## EXERCISE OBJECTIVE
The word "MERCI" marks the lines to keep; find each one in the data and copy it.

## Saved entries
*** Block opens ***
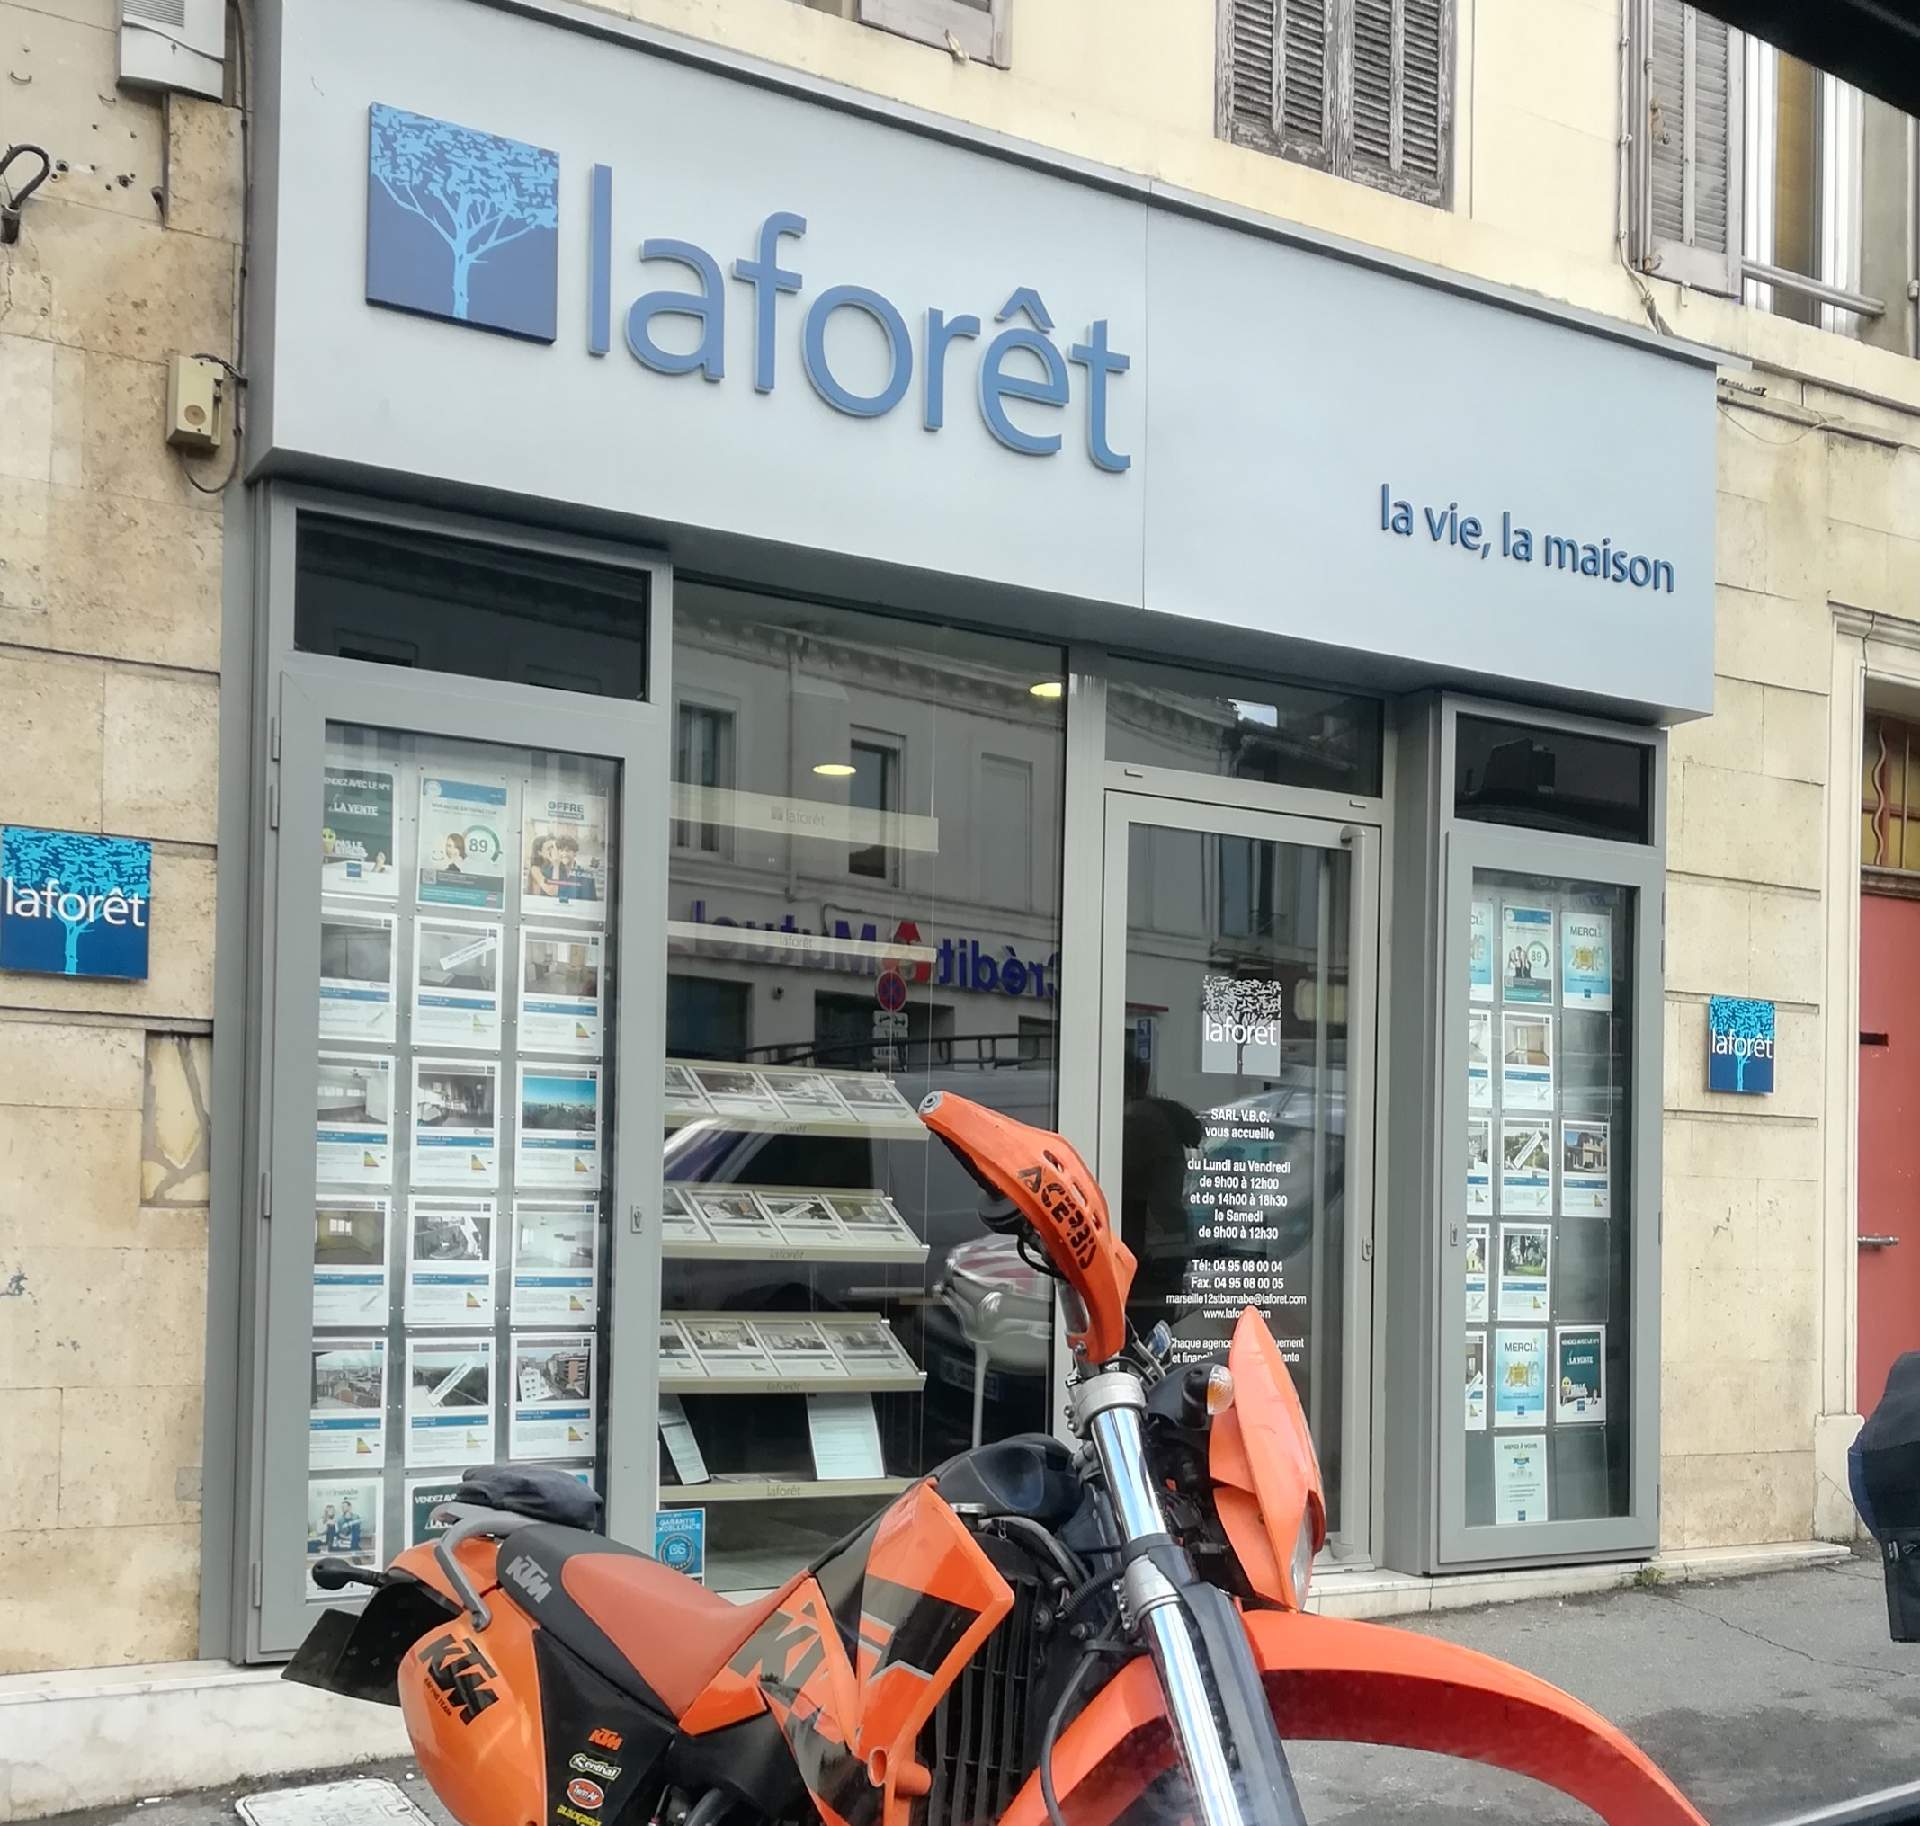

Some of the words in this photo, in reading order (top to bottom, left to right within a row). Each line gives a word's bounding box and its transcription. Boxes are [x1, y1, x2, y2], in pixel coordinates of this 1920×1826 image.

[586, 163, 1132, 472] laforêt
[1381, 483, 1414, 536] la
[1424, 501, 1491, 559] vie,
[1503, 511, 1533, 562] la
[1545, 537, 1674, 593] maison
[468, 837, 488, 854] 89
[5, 876, 146, 927] laforêt
[1570, 925, 1598, 938] MERCI
[1711, 1027, 1773, 1059] laforêt
[1210, 1108, 1239, 1122] SARL
[1241, 1109, 1270, 1123] V.B.C.
[1205, 1127, 1229, 1138] vous
[1231, 1127, 1275, 1140] accueille
[1187, 1159, 1201, 1170] du
[1203, 1159, 1231, 1172] Lundi
[1233, 1162, 1247, 1172] au
[1247, 1160, 1291, 1173] Vendredi
[1200, 1176, 1212, 1188] de
[1214, 1176, 1239, 1189] 9h00
[1241, 1176, 1248, 1189] à
[1250, 1177, 1279, 1190] 12h00
[1190, 1193, 1201, 1203] et
[1202, 1192, 1215, 1204] de
[1218, 1193, 1248, 1206] 14h00
[1249, 1193, 1256, 1206] à
[1214, 1209, 1224, 1222] le
[1226, 1209, 1264, 1223] Samedi
[1198, 1226, 1211, 1238] de
[1213, 1226, 1238, 1239] 9h00
[1240, 1225, 1247, 1239] à
[1249, 1227, 1279, 1240] 12h30
[1191, 1259, 1212, 1272] Tél:
[1213, 1260, 1226, 1272] 04
[1228, 1260, 1240, 1272] 95
[1242, 1260, 1255, 1272] 08
[1256, 1260, 1269, 1272] 00
[1271, 1260, 1283, 1272] 04
[1214, 1277, 1227, 1289] 04
[1228, 1277, 1241, 1289] 95
[1243, 1277, 1256, 1289] 08
[1257, 1277, 1270, 1289] 00
[1272, 1277, 1284, 1289] 05
[1504, 1341, 1533, 1353] MERCI
[506, 1556, 552, 1604] KTM
[418, 1634, 499, 1726] KTM
[588, 1728, 623, 1751] KTM
*** Block closes ***
## ANSWER TO THE PROBLEM
[1570, 925, 1598, 938] MERCI
[1504, 1341, 1533, 1353] MERCI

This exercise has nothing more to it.